*** SUPPLIED DATA

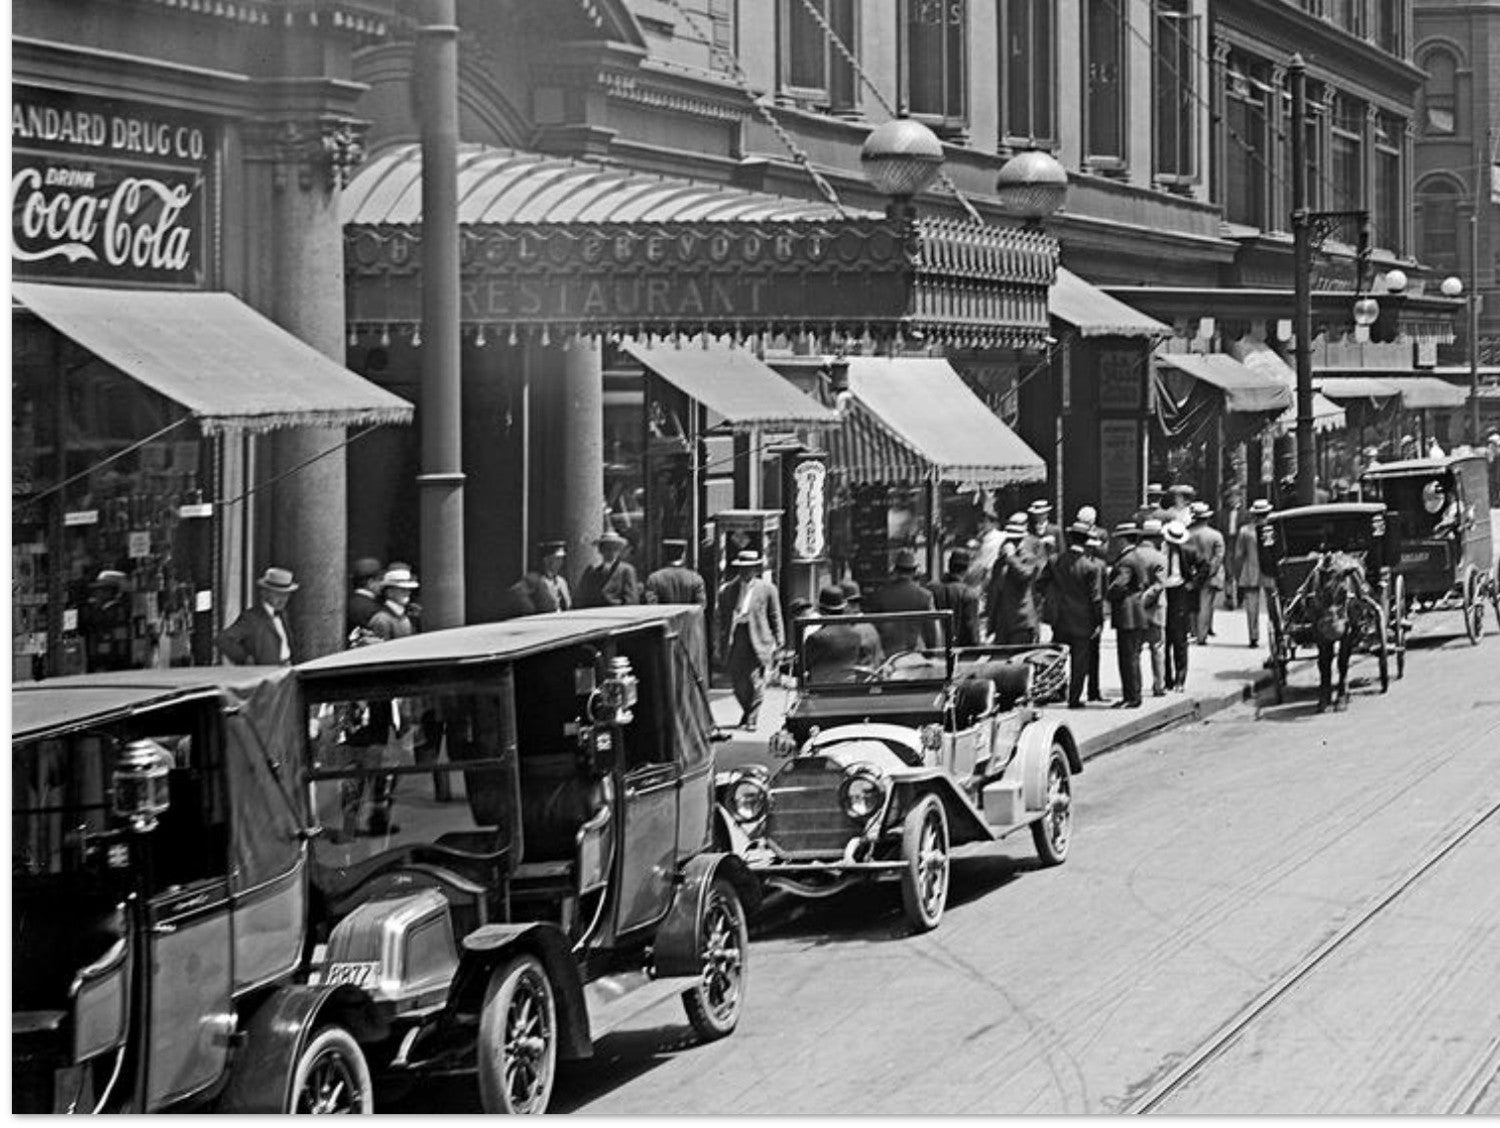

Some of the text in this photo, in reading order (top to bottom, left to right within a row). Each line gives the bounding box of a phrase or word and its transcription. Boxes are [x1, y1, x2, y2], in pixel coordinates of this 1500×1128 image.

[111, 117, 171, 155] DRUG
[175, 126, 207, 160] CO.
[46, 167, 97, 189] DRINK
[12, 167, 192, 270] Coca-Cola

******

→ TO DO:
Your reply should consist of the data, transcribed exactly, and should hold no pictures.

→ ANSWER BELOW:
Some of the text in this photo, in reading order (top to bottom, left to right within a row). Each line gives the bounding box of a phrase or word and its transcription. Boxes are [x1, y1, x2, y2], in pixel coordinates of this 1500×1128 image.

[111, 117, 171, 155] DRUG
[175, 126, 207, 160] CO.
[46, 167, 97, 189] DRINK
[12, 167, 192, 270] Coca-Cola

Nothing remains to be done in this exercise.